[東京 8日 ロイター] キリンホールディングス(2503.T)は8日、オーストラリアの乳製品・果汁飲料会社であるナショナルフーズの全株式取得を決定したと発表した。フィリピンの食品大手サンミゲル(SMC.PS)が保有する全株式を2007年12月末までに取得し、連結子会社とする。買収総額は合計で28億豪ドル(約2940億円、有利子負債約2000億円を含む)を予定している。
のれん代は約300億円、ナショナルフーズ所有の無形固定資産は約2300億円で合計2600億円。2008年度から年間130億円の償却を開始する。
会見した加藤壹康社長は「100年の歴史の中で最大規模の買収だ」とし、「収益性と成長性が期待できる会社で、食と健康の領域で相互補完効果が極めて高い」と述べた。
また、全株取得の理由については「ダイナミックなスピード、規模で両社の強みを活かすには、100%取得が目的にかなう」と説明した。
豪州市場での事業規模拡大や、キリンHDが46.1%の株式を持つ豪ビール会社ライオンネイサンとの資源相互活用などでシナジー効果を見込んでいる。
キリンHDは、長期経営計画の中で、2015年の売上高(酒税抜き)や営業利益に占める海外比率を30%にする目標を掲げている。

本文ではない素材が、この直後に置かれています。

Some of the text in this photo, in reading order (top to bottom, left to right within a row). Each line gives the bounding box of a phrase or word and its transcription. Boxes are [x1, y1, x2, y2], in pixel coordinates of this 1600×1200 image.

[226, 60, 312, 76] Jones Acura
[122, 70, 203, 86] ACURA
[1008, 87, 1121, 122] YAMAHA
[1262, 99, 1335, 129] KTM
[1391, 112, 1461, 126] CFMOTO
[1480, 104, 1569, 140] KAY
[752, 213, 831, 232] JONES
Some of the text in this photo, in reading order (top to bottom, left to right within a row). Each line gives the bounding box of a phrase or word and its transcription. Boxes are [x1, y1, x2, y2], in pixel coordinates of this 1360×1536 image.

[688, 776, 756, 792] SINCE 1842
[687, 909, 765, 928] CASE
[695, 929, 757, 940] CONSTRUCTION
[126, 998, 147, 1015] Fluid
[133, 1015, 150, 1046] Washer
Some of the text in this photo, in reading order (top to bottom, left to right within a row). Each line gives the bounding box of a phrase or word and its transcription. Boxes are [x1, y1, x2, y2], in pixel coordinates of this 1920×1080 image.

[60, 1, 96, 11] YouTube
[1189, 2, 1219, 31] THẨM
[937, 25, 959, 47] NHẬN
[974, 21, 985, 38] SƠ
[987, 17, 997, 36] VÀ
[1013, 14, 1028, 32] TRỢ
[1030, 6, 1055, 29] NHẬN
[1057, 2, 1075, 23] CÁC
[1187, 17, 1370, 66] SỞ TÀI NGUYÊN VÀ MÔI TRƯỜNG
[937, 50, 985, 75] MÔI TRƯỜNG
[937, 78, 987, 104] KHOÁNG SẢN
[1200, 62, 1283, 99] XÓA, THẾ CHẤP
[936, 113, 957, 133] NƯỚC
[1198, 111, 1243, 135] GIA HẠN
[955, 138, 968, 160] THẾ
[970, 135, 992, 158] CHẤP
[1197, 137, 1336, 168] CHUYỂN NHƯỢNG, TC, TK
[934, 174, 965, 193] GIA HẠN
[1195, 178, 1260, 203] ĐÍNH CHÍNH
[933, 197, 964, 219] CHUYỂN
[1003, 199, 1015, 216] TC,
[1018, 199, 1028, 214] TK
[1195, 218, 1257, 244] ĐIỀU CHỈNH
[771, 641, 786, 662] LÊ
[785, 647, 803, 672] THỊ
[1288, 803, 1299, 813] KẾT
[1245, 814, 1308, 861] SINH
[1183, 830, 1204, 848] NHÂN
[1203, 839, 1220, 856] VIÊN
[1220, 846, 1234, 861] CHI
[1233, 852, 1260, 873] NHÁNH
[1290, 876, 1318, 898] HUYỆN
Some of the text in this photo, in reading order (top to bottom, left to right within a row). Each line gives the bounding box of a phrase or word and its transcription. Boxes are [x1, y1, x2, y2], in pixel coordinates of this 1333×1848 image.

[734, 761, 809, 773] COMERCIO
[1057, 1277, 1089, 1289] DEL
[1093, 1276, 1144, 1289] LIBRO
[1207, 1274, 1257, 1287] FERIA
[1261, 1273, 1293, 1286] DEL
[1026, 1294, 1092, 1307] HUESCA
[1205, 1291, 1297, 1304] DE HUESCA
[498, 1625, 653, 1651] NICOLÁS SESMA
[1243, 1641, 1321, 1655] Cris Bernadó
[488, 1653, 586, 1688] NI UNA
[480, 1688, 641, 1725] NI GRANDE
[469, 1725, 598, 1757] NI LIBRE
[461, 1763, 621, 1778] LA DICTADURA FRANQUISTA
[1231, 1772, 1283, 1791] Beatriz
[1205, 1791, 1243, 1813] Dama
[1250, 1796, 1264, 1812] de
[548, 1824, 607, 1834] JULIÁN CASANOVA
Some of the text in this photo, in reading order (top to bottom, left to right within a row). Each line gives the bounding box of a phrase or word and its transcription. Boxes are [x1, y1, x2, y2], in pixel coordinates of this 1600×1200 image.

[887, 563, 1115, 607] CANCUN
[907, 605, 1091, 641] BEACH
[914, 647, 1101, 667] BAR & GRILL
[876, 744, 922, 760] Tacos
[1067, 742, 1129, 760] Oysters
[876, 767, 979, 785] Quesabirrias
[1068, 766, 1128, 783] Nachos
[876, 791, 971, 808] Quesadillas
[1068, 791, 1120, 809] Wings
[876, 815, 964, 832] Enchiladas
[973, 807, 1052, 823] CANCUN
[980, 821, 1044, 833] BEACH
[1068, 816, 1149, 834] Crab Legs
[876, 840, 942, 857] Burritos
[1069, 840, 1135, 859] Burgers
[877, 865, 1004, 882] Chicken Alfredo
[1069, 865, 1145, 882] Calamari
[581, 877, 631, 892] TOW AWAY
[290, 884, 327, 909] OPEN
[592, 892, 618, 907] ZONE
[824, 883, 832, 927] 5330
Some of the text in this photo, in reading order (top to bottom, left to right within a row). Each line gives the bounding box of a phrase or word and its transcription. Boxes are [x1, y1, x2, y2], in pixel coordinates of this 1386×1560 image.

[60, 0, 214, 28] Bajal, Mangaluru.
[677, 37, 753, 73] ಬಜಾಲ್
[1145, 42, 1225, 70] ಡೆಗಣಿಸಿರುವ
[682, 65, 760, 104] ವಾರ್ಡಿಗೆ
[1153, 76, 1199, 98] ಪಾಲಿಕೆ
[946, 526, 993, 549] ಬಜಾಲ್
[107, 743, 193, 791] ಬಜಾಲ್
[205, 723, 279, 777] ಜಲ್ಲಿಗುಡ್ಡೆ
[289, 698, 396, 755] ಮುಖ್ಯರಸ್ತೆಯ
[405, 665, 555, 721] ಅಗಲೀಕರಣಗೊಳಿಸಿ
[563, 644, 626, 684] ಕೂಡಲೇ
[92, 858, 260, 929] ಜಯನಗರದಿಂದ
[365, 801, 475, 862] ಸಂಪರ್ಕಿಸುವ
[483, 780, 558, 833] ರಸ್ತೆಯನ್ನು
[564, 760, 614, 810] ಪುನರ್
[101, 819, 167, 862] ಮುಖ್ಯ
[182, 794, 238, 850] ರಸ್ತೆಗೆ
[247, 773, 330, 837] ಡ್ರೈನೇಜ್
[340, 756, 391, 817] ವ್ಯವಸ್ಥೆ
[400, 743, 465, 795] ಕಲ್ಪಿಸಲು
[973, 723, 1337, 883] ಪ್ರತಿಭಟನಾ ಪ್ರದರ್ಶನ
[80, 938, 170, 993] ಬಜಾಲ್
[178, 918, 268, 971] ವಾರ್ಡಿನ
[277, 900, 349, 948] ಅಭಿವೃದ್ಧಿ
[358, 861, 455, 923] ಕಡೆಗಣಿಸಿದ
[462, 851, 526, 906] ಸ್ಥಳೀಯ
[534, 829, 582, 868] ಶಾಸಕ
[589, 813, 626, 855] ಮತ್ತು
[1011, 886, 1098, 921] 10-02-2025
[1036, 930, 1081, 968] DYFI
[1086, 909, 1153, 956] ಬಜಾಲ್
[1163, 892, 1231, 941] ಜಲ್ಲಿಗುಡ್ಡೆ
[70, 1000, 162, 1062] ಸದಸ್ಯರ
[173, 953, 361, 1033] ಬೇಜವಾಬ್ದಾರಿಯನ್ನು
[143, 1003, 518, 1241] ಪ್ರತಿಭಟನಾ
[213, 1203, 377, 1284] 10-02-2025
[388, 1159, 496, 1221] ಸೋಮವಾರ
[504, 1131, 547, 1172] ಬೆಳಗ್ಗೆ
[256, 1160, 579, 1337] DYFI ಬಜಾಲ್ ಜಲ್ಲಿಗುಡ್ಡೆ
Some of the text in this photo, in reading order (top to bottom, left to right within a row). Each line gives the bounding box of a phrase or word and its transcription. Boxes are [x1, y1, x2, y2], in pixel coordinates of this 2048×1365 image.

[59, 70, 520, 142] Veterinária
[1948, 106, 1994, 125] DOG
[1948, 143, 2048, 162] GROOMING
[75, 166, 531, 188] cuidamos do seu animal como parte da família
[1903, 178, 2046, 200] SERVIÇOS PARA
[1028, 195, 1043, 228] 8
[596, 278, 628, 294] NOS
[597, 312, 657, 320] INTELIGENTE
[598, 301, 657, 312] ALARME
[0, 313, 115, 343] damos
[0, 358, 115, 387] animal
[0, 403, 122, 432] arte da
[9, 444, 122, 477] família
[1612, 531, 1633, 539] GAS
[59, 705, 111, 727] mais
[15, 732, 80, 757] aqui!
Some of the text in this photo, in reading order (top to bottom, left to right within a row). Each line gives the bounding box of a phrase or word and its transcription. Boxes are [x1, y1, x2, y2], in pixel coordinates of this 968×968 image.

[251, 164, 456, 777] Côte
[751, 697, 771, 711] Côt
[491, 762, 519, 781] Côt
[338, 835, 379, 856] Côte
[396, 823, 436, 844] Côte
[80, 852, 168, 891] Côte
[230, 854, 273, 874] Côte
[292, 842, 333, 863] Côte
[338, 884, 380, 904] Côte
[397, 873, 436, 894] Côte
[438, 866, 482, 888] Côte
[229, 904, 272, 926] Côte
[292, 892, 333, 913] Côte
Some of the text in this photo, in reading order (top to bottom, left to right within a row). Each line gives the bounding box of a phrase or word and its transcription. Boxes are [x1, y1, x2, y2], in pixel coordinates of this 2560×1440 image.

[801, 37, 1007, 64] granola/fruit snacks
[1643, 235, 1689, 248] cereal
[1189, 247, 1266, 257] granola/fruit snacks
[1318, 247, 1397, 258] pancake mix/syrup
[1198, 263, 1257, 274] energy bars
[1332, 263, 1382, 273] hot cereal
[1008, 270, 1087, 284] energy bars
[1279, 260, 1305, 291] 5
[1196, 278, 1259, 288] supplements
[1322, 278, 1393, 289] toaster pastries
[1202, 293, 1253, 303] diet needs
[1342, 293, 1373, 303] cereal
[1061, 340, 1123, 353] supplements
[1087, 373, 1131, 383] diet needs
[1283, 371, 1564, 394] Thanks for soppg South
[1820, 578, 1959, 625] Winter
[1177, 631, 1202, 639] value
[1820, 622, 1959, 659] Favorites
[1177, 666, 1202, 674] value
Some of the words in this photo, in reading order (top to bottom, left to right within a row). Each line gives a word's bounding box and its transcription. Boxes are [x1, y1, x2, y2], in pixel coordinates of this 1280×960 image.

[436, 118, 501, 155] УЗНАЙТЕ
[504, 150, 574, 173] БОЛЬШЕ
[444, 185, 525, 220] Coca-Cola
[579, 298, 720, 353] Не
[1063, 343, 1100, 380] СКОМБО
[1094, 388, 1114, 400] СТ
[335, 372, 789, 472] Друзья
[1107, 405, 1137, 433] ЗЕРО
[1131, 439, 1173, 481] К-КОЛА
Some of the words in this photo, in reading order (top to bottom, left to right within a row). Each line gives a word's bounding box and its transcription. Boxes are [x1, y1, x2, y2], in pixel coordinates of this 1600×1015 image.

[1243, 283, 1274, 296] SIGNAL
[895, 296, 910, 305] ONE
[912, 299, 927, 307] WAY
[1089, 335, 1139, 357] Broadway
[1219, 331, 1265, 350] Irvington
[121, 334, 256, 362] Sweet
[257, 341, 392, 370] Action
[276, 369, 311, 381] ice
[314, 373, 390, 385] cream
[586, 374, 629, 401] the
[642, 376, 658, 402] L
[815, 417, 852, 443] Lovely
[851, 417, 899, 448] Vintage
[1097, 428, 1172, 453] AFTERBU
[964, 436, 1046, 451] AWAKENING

06年は、売上高に占める海外比率が18%、営業利益が27%になっており、海外比率を高める方向性にも合致する。
同計画では、2015年の売上高3兆円(酒税込み)を目指している。こうした目標に向け、今後のM&A(合併・買収)についても「企業価値を高める有力な案件があれば、事業分野を問わず、前向きに検討したい」と意欲を示した。
今回の買収により、2009年の売上高は2兆6500億円(酒税込み)、営業利益は1900億円となり、中期目標で掲げる売上高2兆1500億円、営業利益1500億円以上を上回る。
ナショナルフーズは、2006年度の売上高が1932億円、営業利益が179億円。オーストラリア市場では、牛乳・乳飲料事業やヨーグルト・デザート事業、果汁飲料などでシェア1位。製造拠点はオーストラリアの19工場など計24工場を持つ。